Citation : 2019 Latest Caselaw 4235 ALL
Judgement Date : 8 May, 2019
HIGH COURT OF JUDICATURE AT ALLAHABAD ?A.F.R. Court No. - 72 Case :- APPLICATION U/S 482 No. - 14600 of 2017 Applicant :- Smt.Dr. Indu Singh Opposite Party :- State Of U.P. And Another Counsel for Applicant :- Samit Gopal Counsel for Opposite Party :- G.A.,Dharmendra Singhal,Manoj Kumar Tiwari Hon'ble Saumitra Dayal Singh,J.
1. Heard Shri G.S. Chaturvedi, learned Senior Advocate, assisted by Shri Samit Gopal, Advocate, for the applicant; Shri Dharmendra Singhal and Shri Manoj Kumar Tiwari, learned counsel for opposite party no.2 and Shri S.N. Mishra, learned AGA for the State.
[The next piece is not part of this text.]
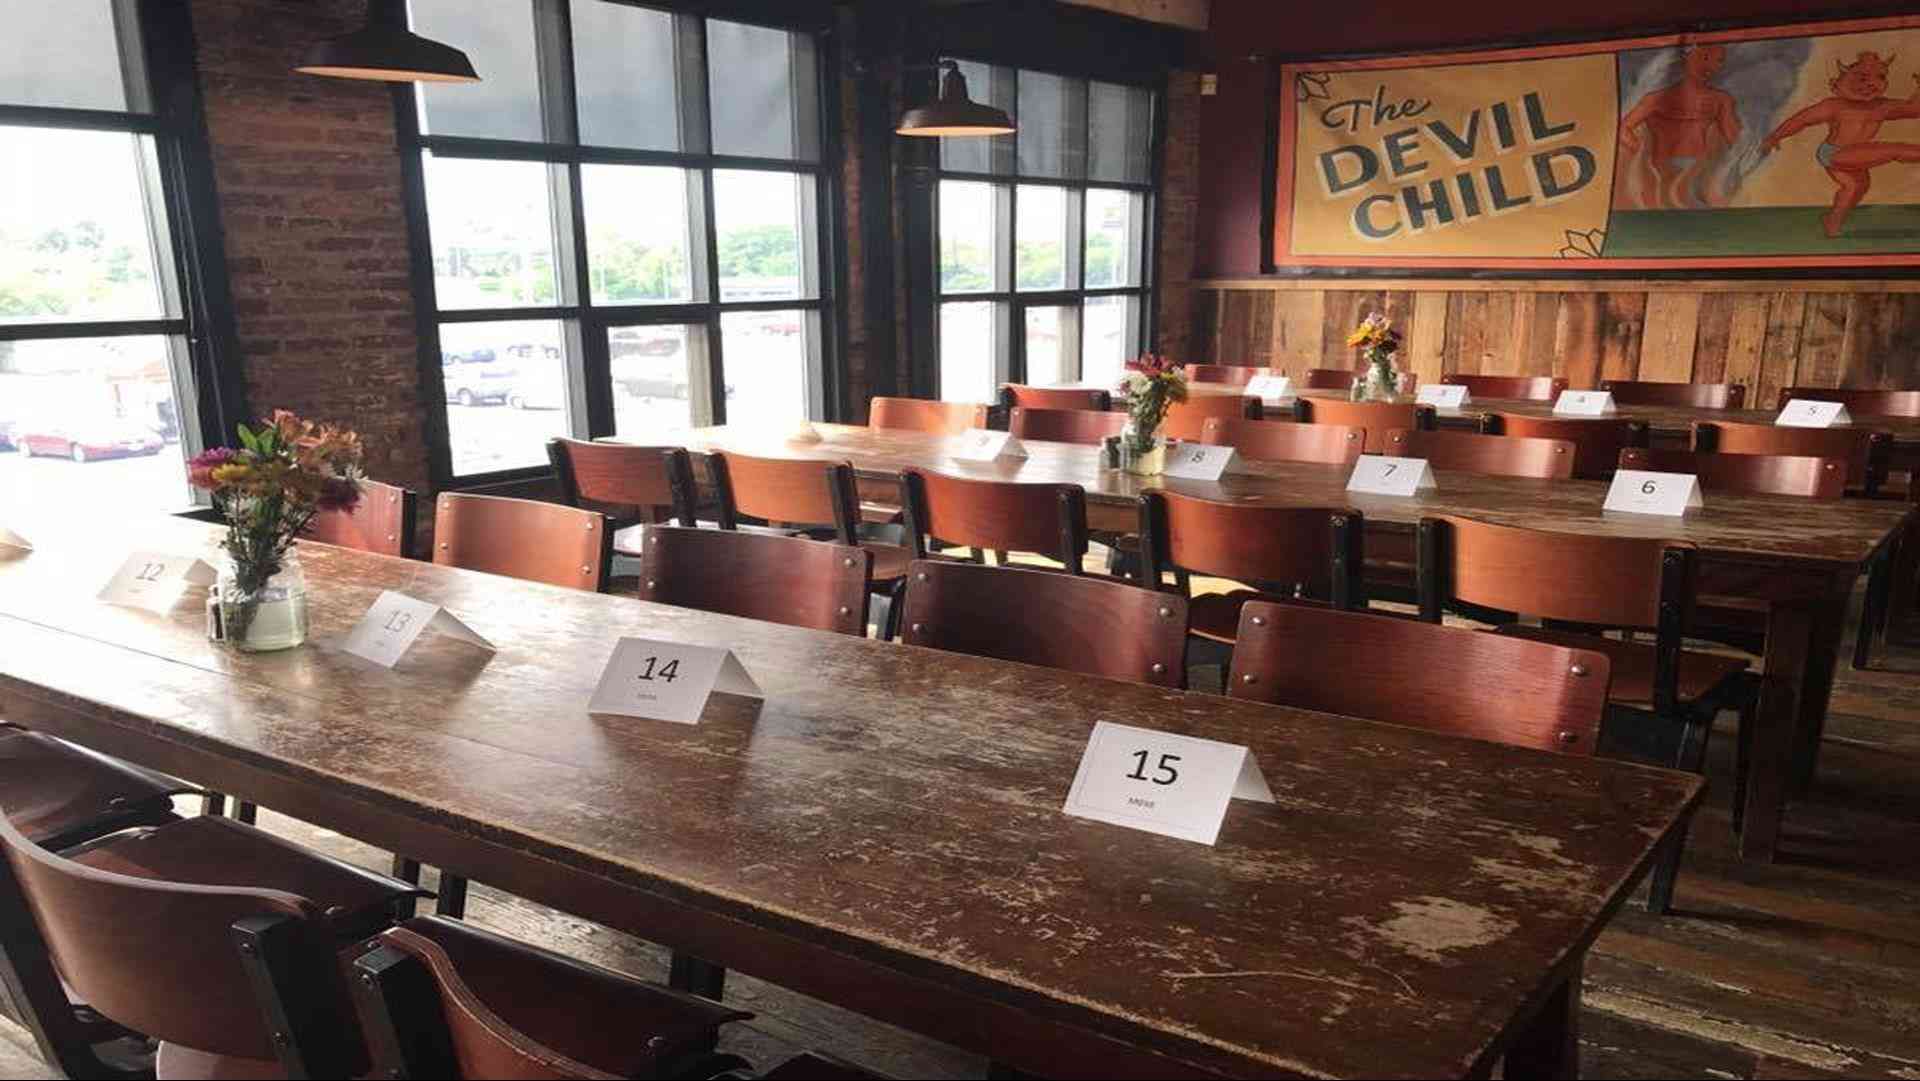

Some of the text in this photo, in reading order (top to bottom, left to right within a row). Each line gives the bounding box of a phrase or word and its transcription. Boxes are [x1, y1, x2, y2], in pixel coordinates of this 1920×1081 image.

2. This application under Section 482 Cr.P.C. has been filed to quash the order dated 27.03.2017 passed by the Additional Sessions Judge, Court No.14, Varanasi in Criminal Revision No. 305 of 2015 (Dr. Smt. Indu Singh Vs. State of U.P. & Anr.), by which the discharge application filed by the applicant under Section 245(2) Cr.P.C. has been rejected.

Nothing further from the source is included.